Baby steps. I’m getting there. Slowly.
At least I’ve smiled a few times today.
hardly a train wreck! if you’re a train wreck, i’d hate to think what kind of disaster I am. we’re all prone to stumbling alot through life, but that’s why you have friends to help you! *hug*
Thanks for your kind words of wisdom, Dixie! I really appreciate it. (And, I *must* come up and see you this week — I’m writing it in my datebook right now!)
Wow. I returned last week from vacation, started school and just finished catching up with your journal.
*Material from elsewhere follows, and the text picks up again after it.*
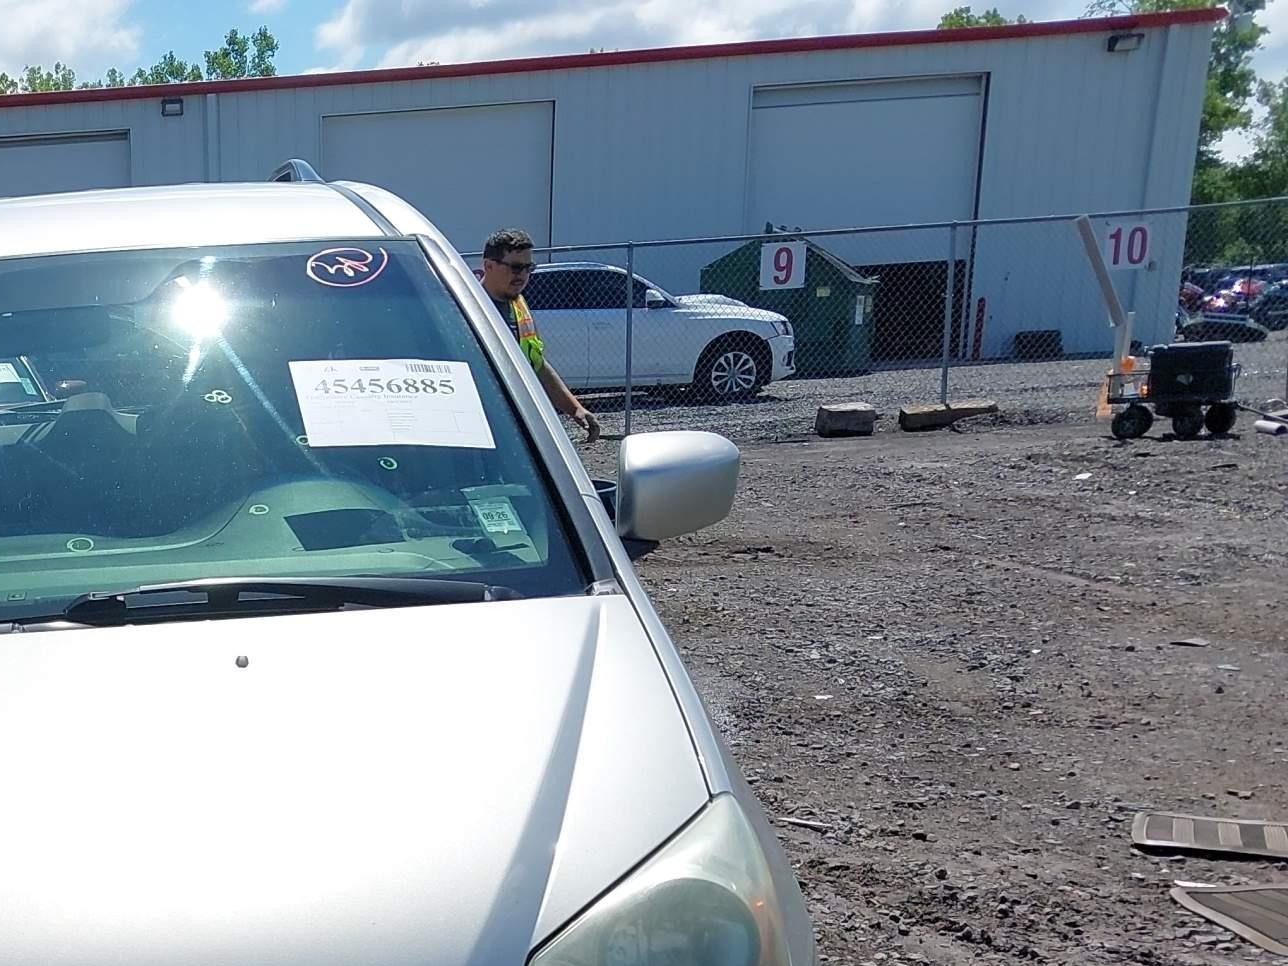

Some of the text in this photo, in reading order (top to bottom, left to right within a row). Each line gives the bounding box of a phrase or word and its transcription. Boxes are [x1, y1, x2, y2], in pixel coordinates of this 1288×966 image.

[1108, 226, 1149, 265] 10
[773, 247, 794, 285] 9
[314, 377, 455, 395] 45456885
Seems you have a lot going on Gemini!
Obviously, we are not friends, just internet friends, so I only read/listen to your journal and don’t committ the mistake of giving you advice b/c I don’t know you, but I just want to share with you that I was in a similar situation not so long ago. Things were good one day, but miserable (& abusive) for many more days, until the end, which was not only inevitable but logical, came. Ever since then, things improved.
Tanya, things work out sometimes in a weird way that doesn’t seem to make sense. But if one surrenders, one finds the peace that’s been eluding one.
Alright, that’s enough of a stranger’s opinion.
Rest, sleep well, take care of yourself first and enjoy the rest of the summer!
don’t worry, you are not — by far — the only train wreck around.